- [Aim of the task]: Retype every record exactly. Skip the images.

- [Supplied material]:
——

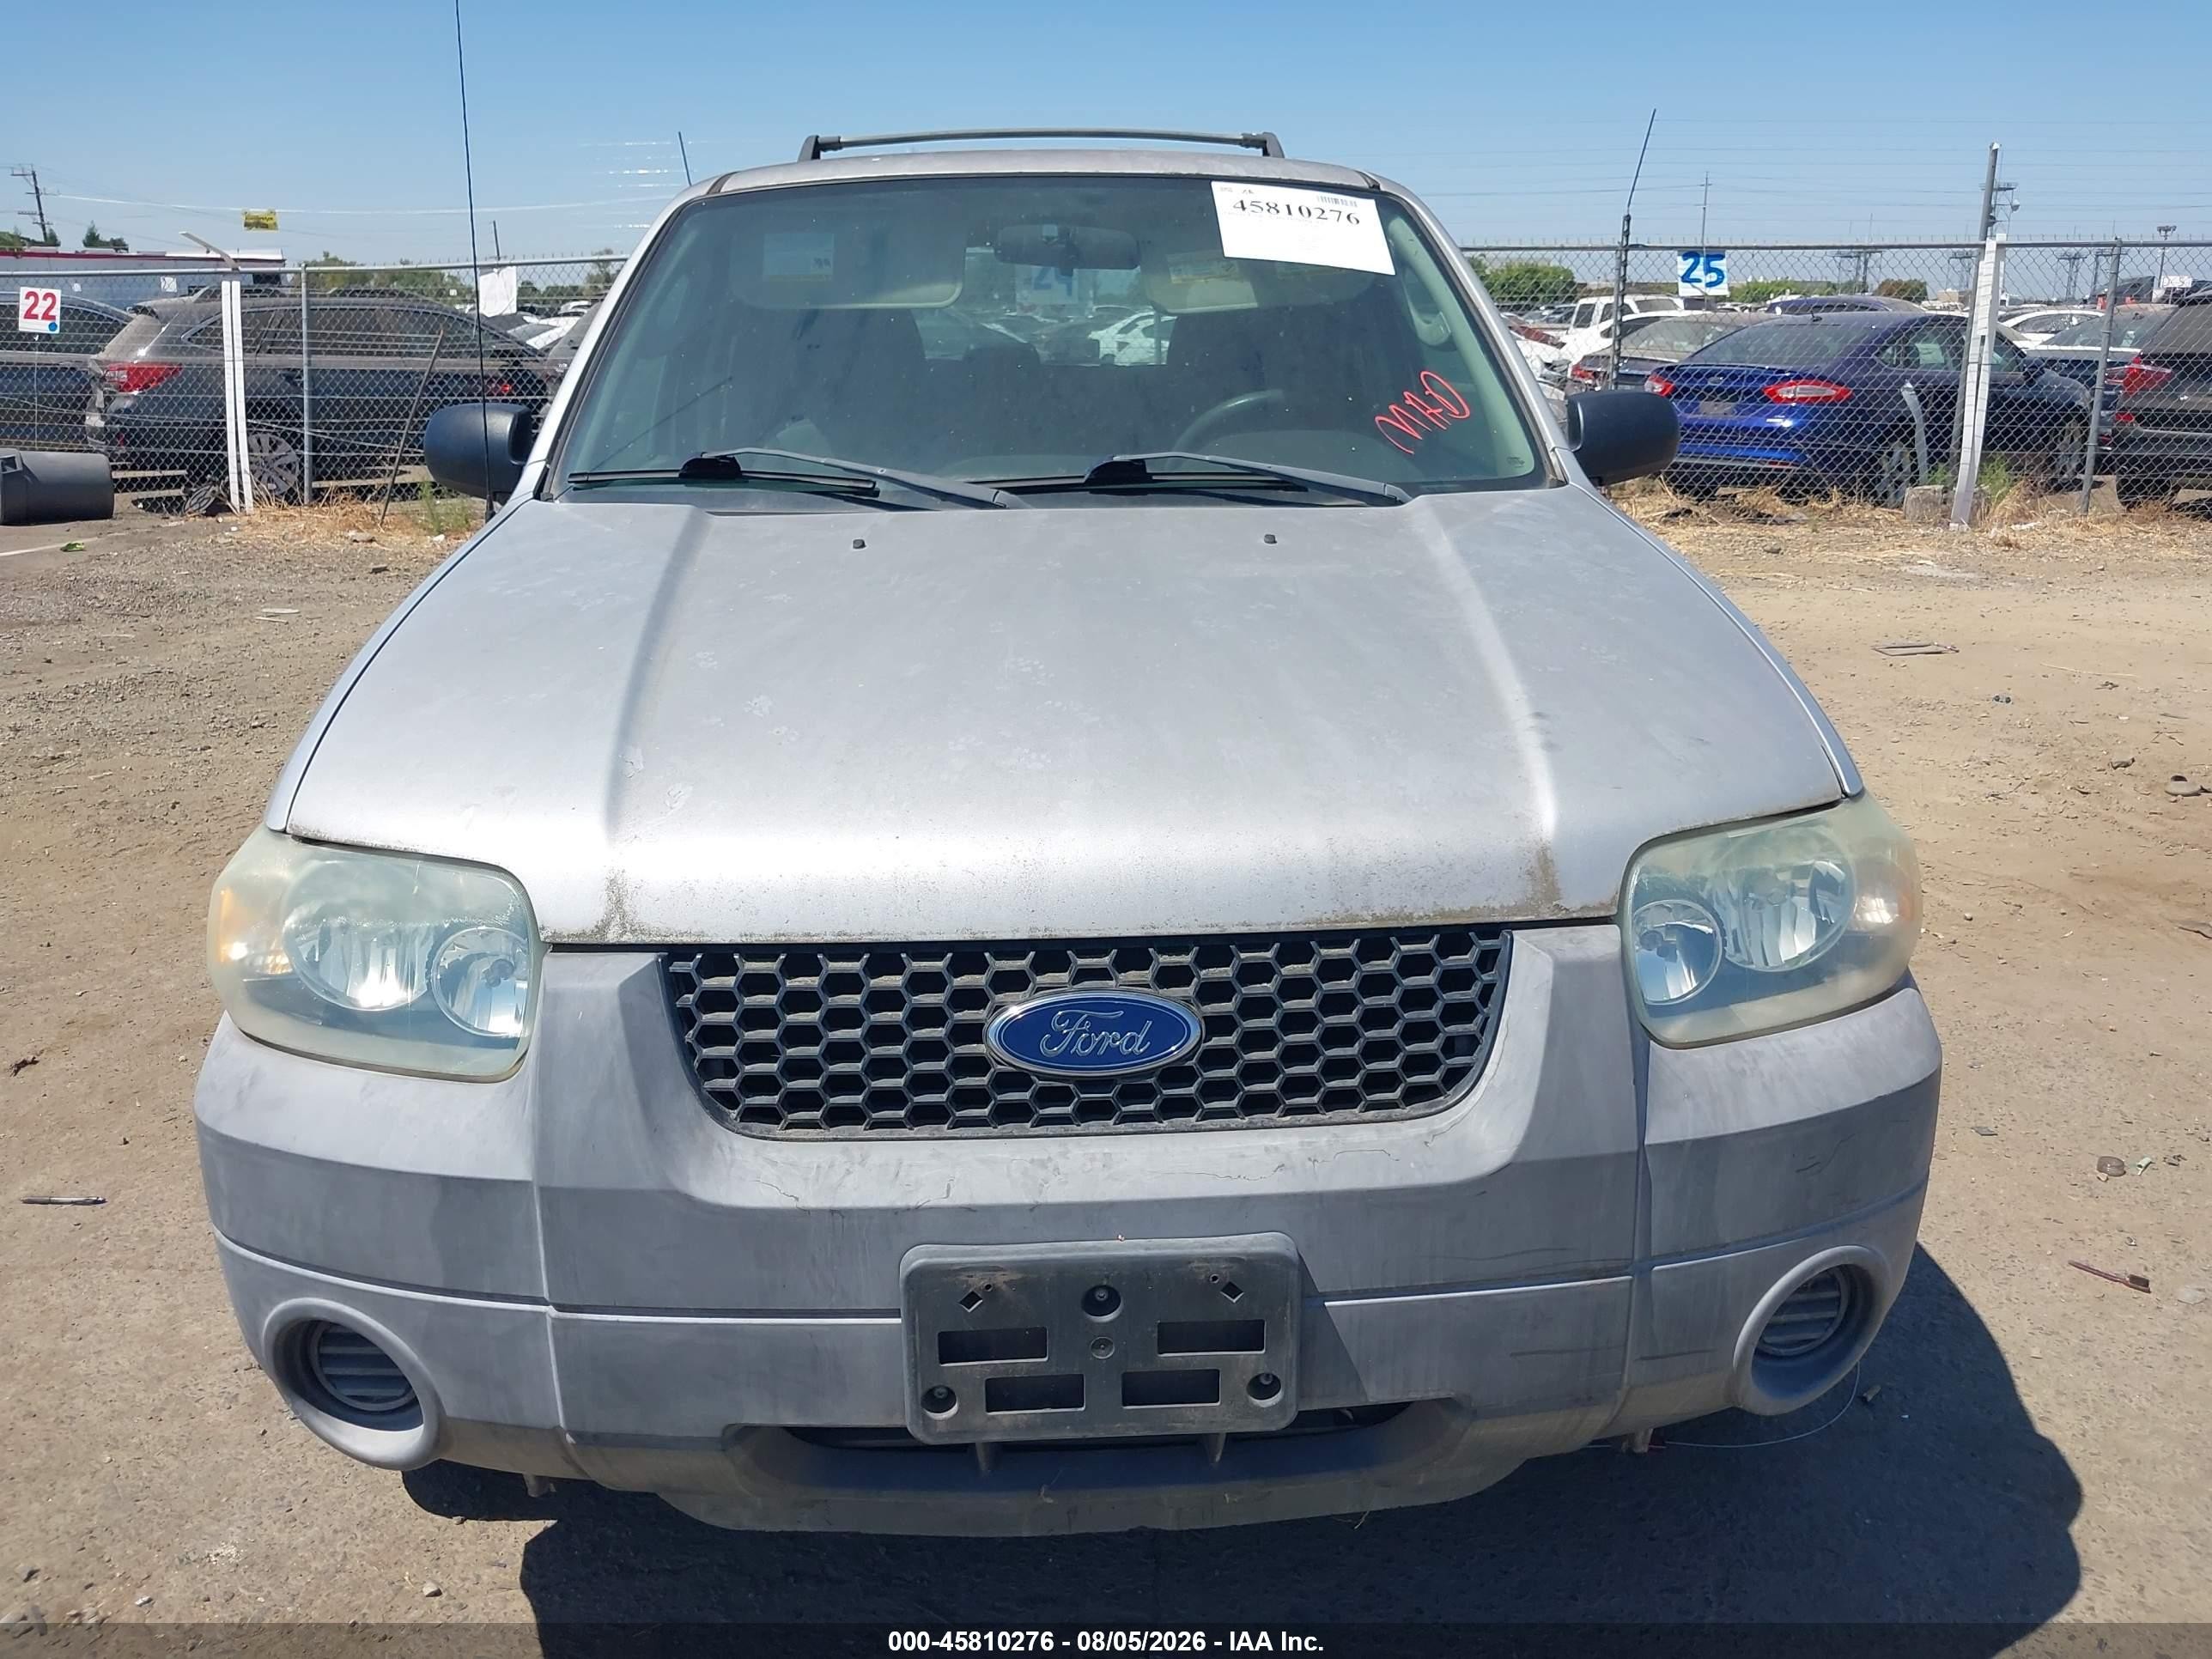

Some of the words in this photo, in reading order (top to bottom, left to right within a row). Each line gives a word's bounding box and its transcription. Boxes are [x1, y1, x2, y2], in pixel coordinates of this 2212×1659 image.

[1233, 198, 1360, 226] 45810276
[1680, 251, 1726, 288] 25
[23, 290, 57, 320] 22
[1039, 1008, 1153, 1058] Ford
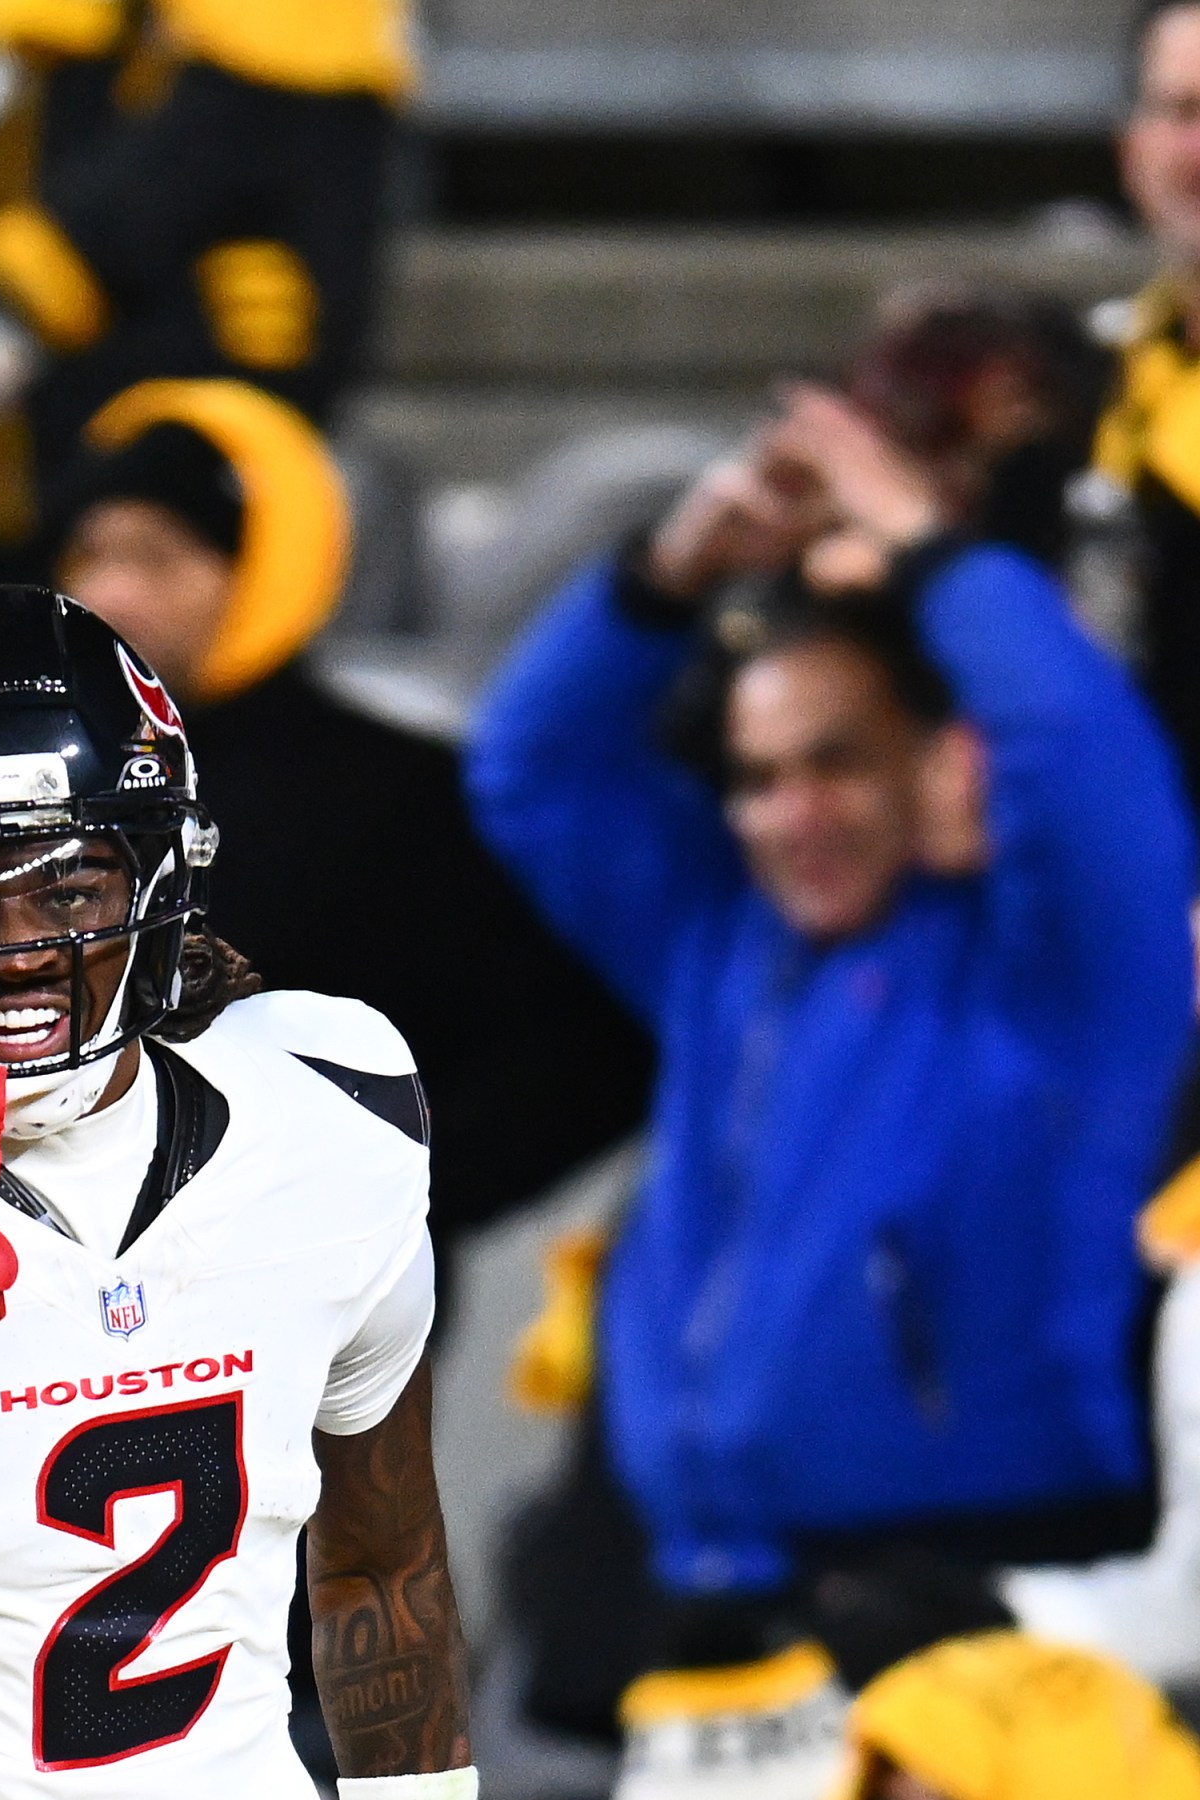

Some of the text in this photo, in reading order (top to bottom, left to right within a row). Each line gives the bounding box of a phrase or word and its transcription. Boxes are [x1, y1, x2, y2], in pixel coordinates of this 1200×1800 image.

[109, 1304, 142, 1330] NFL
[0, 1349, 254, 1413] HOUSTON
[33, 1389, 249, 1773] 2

——

- [Written answer]:
Some of the words in this photo, in reading order (top to bottom, left to right within a row). Each line gives a word's bounding box and its transcription. Boxes are [x1, y1, x2, y2], in pixel coordinates of this 2212×1659 image.

[1233, 198, 1360, 226] 45810276
[1680, 251, 1726, 288] 25
[23, 290, 57, 320] 22
[1039, 1008, 1153, 1058] Ford

Some of the text in this photo, in reading order (top to bottom, left to right within a row). Each line gives the bounding box of a phrase or word and its transcription. Boxes are [x1, y1, x2, y2], in pixel coordinates of this 1200×1800 image.

[109, 1304, 142, 1330] NFL
[0, 1349, 254, 1413] HOUSTON
[33, 1389, 249, 1773] 2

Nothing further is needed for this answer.